Examining the effects different action spaces have on RL agent resulting policies. Final Project for CS585-Sequential Decision Making.
runs ranged action space
python .\testing.py
runs melee action space
python .\TestingEnvironment.py
After they run, closing the graph will cause the latest model to run a simulated combat and print into the terminal.
Ultimately they didn't create policies like I predicted, which ended up being more interesting to me. The melee agent tended to wait for the enemy to come to it, which I believe was due to the penalties for illegal moves. Rather than risk an illegal move, it simply stayed where it was...safe.

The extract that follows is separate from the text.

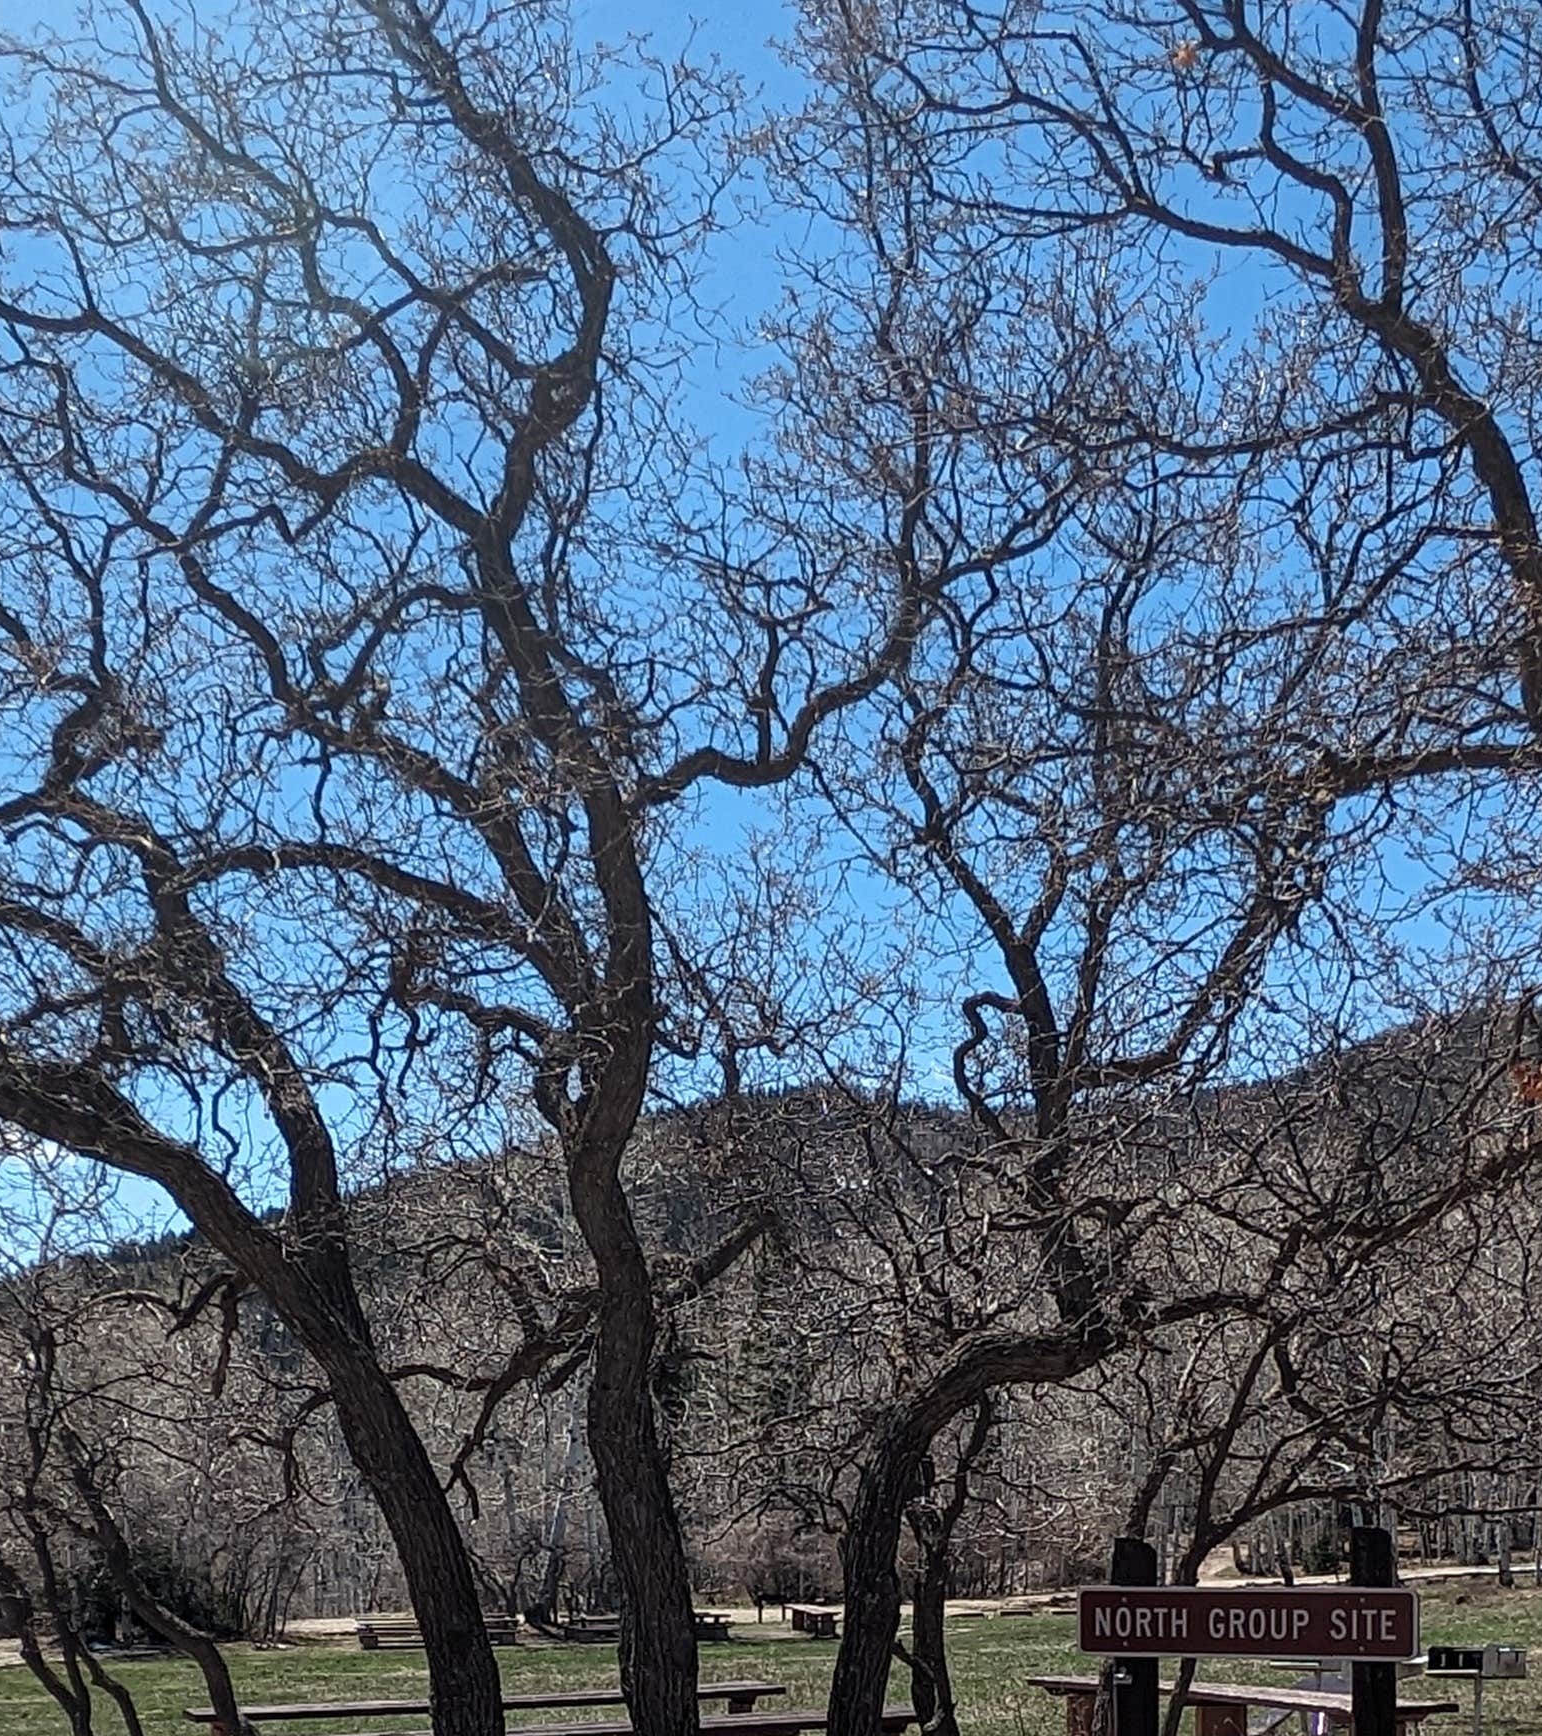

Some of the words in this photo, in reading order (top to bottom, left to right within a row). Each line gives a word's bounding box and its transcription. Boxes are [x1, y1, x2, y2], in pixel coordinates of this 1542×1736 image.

[1094, 1606, 1188, 1639] NORTH
[1209, 1608, 1309, 1640] GROUP
[1330, 1608, 1397, 1641] SITE

The ranged agent had no desire to strafe away from its enemy even though it easily could have done so. My guess is the agent always had access to a steady reward stream, attacking then passing turn, which on occassion even prevented it from taking any damage if its attacks all landed. My hunch is it relied on this approach and never learned the benefit of running away. It could also be the case that on a few occassion it found that running away meant the possibility of opportunity attacks, which would be negative reward, whereas attacking with a low-likelihood of success in melee range is at least non-negative reward.
All in all...mixed success I would say. I will need to work on my implementation of the environment to make it cleaner, and double check effects like melee range and opportunity attacks etc.
- The melee character will occasionally get caught in a local minimum of around -12 average reward over its lifespan. I believe this is because it learns quickly that many of its actions penalize it because it is not in range yet, and does not learn they do not penalize once it is in range.
- Overall the reward structure needs rethinking I believe.
- The self.in_melee boolean was largely phased out in favor of self.enemyDistance()
- Technically speaking I created nothing to prevent the agents from occupying the same space. This was not intentional though I don't believe it had adverse affects.